DNR: Wasting disease shifted in Michigan’s deer herd

John Barnes
Special to The Detroit News

A deadly disease that threatens to decimate Michigan’s whitetail deer population has shifted northwest from the Lansing area, some 100 miles, new test results show.

All but one of the new cases of chronic wasting disease in the just-ended 2017 firearm season were discovered in free-ranging deer killed in Montcalm and Kent counties, 40 total, according to the Department of Natural Resources. One case was found in nearby Mecosta County.

That is far more than nine so-called “zombie” whitetails identified in Ingham and Clinton counties the two previous years. It suggests the always-fatal disease has percolated in Michigan more extensively than previously known.

“It's clear that Montcalm and Kent have had CWD longer than Ingham and Clinton where we have identified it,” said Chad Stewart, the DNR’s deer specialist. “What we don’t know is the space between (the outbreaks).”

In all, 50 cases have now been identified in Michigan since the first emaciated, confused deer was killed by police east of Lansing in 2015. Three others were found from two penned deer farms or ranches in Mecosta County.

Chronic wasting disease is unrecognizable — yet still infectious — in diseased deer in early stages. Its end-stage leaves deer emaciated, listless, drooling and unafraid of humans. Deformed proteins literally eat holes in the animal’s brain. Infectious disease experts caution against eating infected venison.

The 2017 deer hunting season ended Monday. On Thursday, the state will begin two brief limited hunting seasons to see if wildlife experts can connect the dots between the two outbreaks.

The special hunts will run through Sunday and Jan. 11-14 in northern Ionia County and eastern Montcalm County in 14 townships, some 500 square miles. Any deer killed must undergo testing for chronic wasting disease.

“I'm not expecting a lot of deer to be harvested, but if we are able to identify a CWD-positive animal in this area, then it will provide valuable information to inform our management decisions going into next hunting season,” Stewart said.

The DNR will soon begin capturing and collaring white-tailed deer in the western Upper Peninsula as part of a multi-year study to review herd movement as well as detect if the disease is present.

“Limiting the spread of CWD is difficult, but even more so here in the U.P. where winter severity results in increased deer movements and yarding behavior that concentrates animals,” said Terry Minzey, DNR U.P. regional wildlife supervisor, in a statement.

A special task force, meanwhile, is expected to give recommendations Jan. 11 to the state Natural Resources Commission on how to slow the disease that has devastated herds from Wisconsin to Colorado.

Bans by the state against baiting and feeding in core disease areas expanded Monday.

“We want to see a serious discussion about baiting and feeding in disease areas where we want to prevent the spread of the disease,” said Amy Trotter, deputy director of Michigan United Conservation Clubs, the state’s largest such organization.

Michigan United Conservation Clubs has opposed baiting and feeding in the past, saying it congregates deer and assists the spread of infectious disease.

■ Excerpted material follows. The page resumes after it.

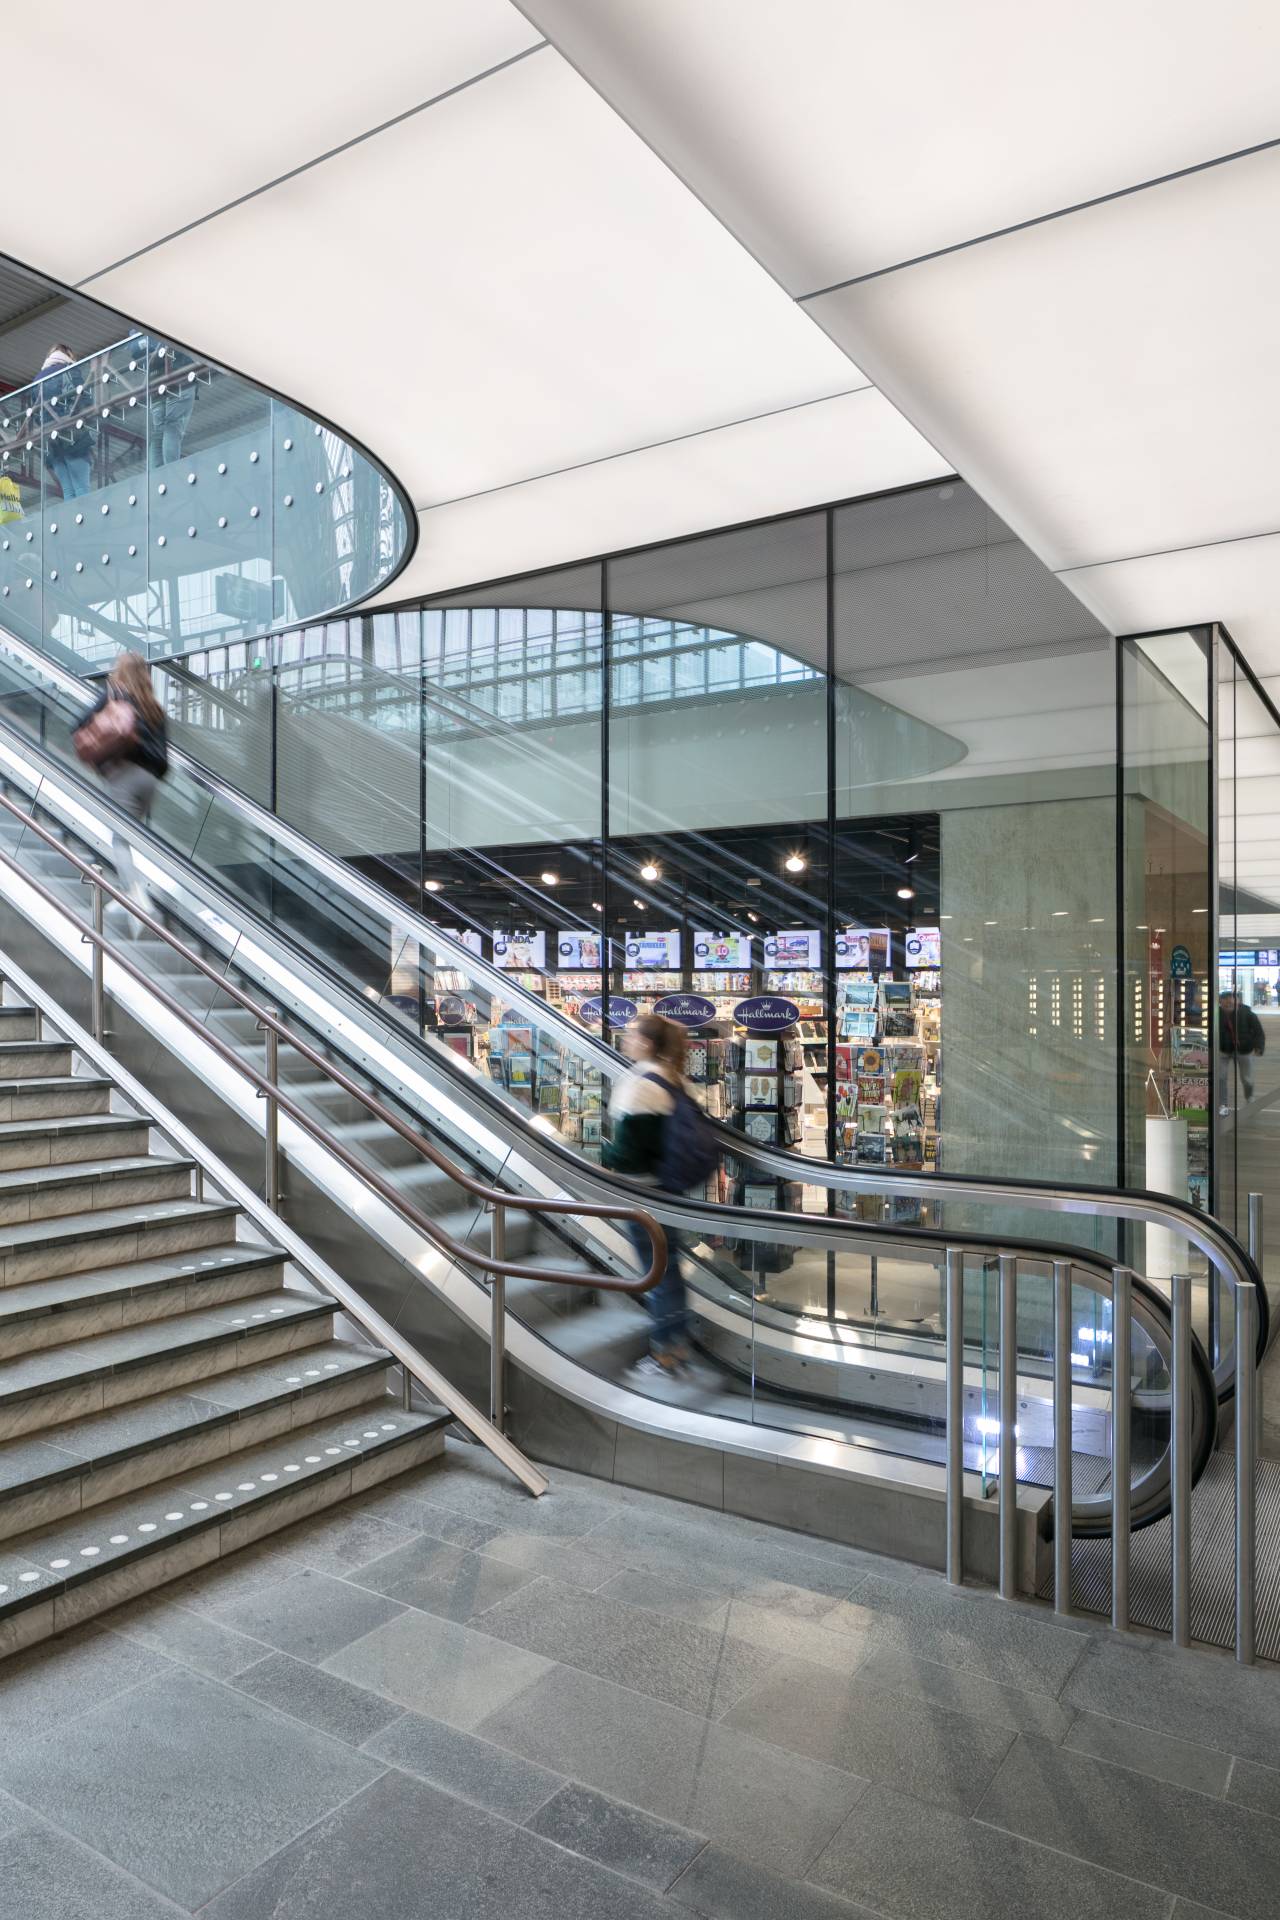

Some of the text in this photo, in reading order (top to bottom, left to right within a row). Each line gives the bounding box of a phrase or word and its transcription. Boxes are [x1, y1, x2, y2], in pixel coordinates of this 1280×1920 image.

“From our perspective, these numbers appear to indicate we have a new epicenter,” Trotter said of recent mandatory testing of hunted deer in high-concern areas. “What we need to know more is, Are we all linked up here? Mid-Michigan may be on the front edge of what direction it is moving.”

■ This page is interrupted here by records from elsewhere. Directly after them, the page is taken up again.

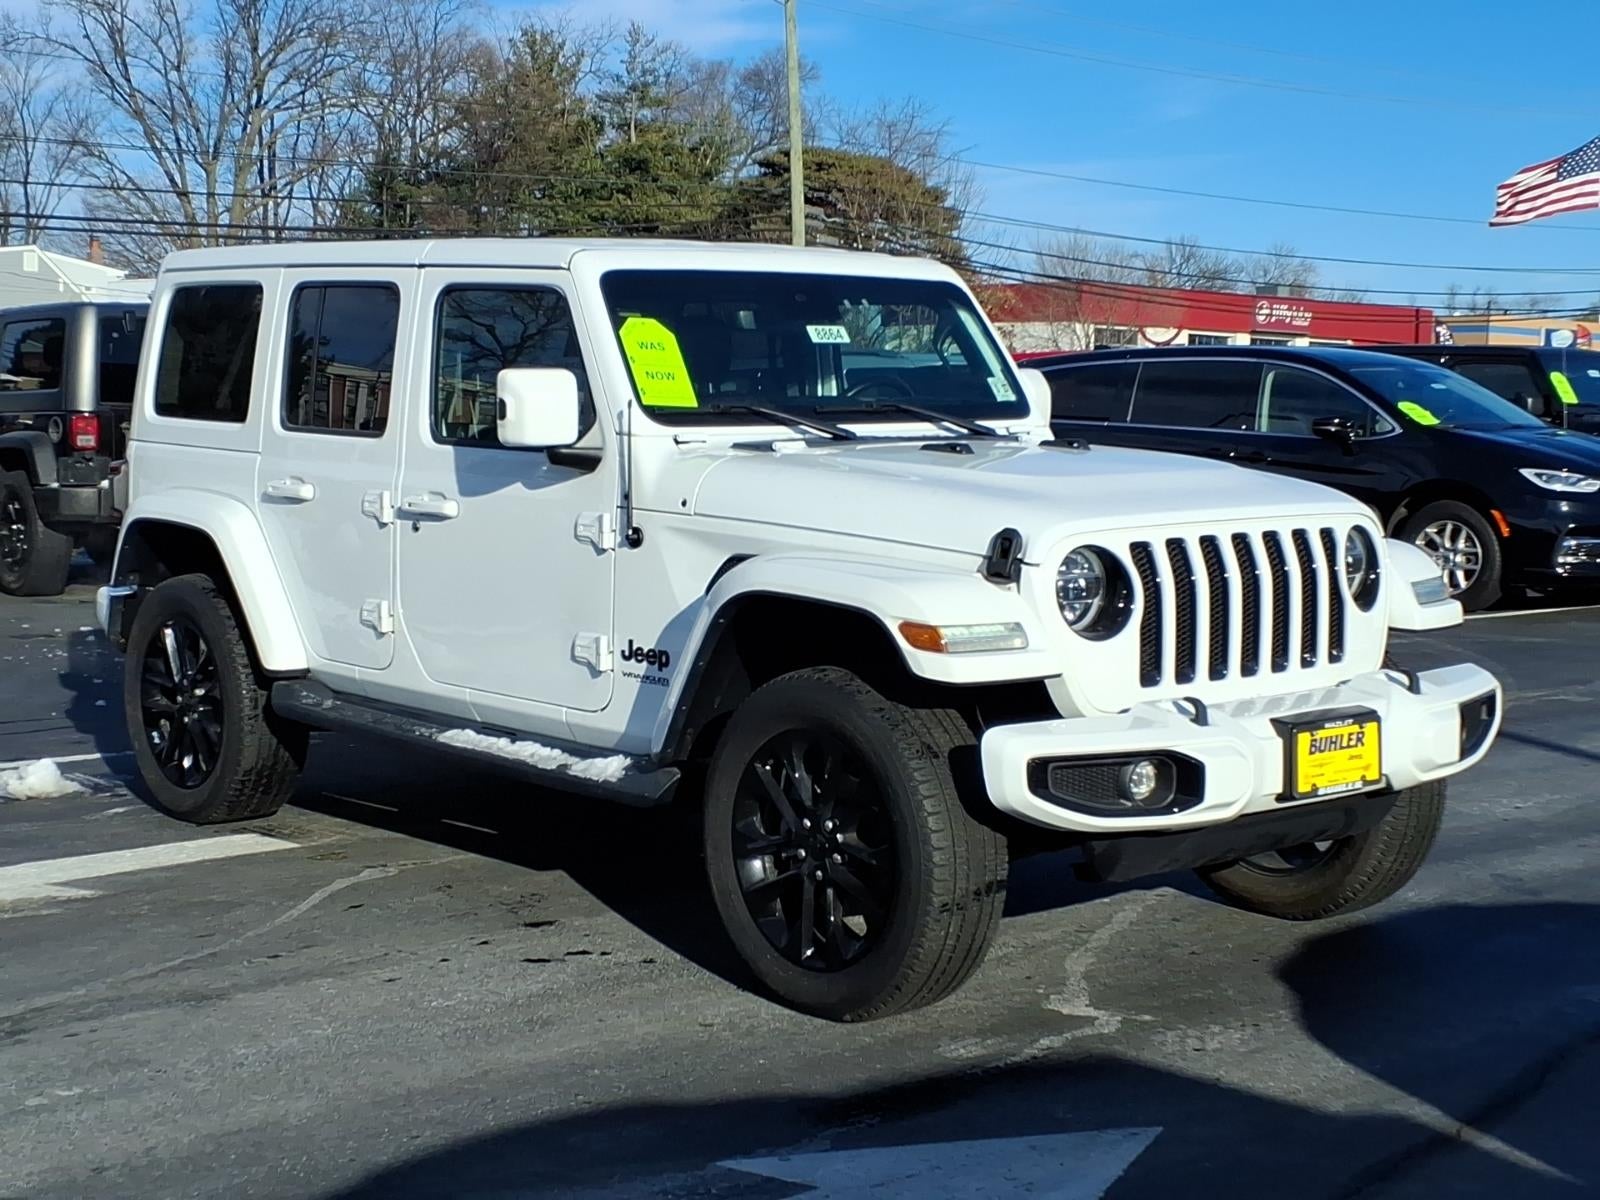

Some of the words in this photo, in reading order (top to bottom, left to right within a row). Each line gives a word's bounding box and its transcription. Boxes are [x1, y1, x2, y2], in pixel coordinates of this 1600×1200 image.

[814, 327, 844, 341] 8864
[636, 341, 666, 352] WAS
[645, 370, 676, 381] NOW
[621, 639, 670, 672] Jeep
[1308, 730, 1366, 756] BUHLER

At this point, the best hope is to contain — not eradicate — the disease, she said.

“They are literally the walking dead,” Trotter said.

Michigan’s known prevalence of the disease is still small but has the potential to expand greatly. In early stages, deer show no symptoms as they contaminate other deer through contact or soil infected for years from urine or feces.

Prior to the recent hunting season, less than one in 1,000 white-tails tested positive since the first known free-ranging Michigan case in 2015, according to the DNR.

By contrast, however, one in 100 deer tested positive in Montcalm County during the just-passed hunting season, 32. About one in 60 deer tested positive in more-limited testing in neighboring Kent County.

A few were identified outside mandatory testing areas. Few showed symptoms, perhaps indicating the disease is in its early stages.

Concerns about the disease’s movement rose after a free-ranging deer, a 1.5-year-old buck, was identified in Montcalm County’s Sidney Township in late October. An infected 6-year-old pregnant doe was killed weeks earlier in neighboring Montcalm Township during the youth hunt. Mandatory DNR testing of deer taken there and in parts of Mecosta and Kent were initiated.

Deer hunting is an estimated $2.3 billion hunting industry in Michigan, with nearly 600,000 hunters participating in the November firearm season alone.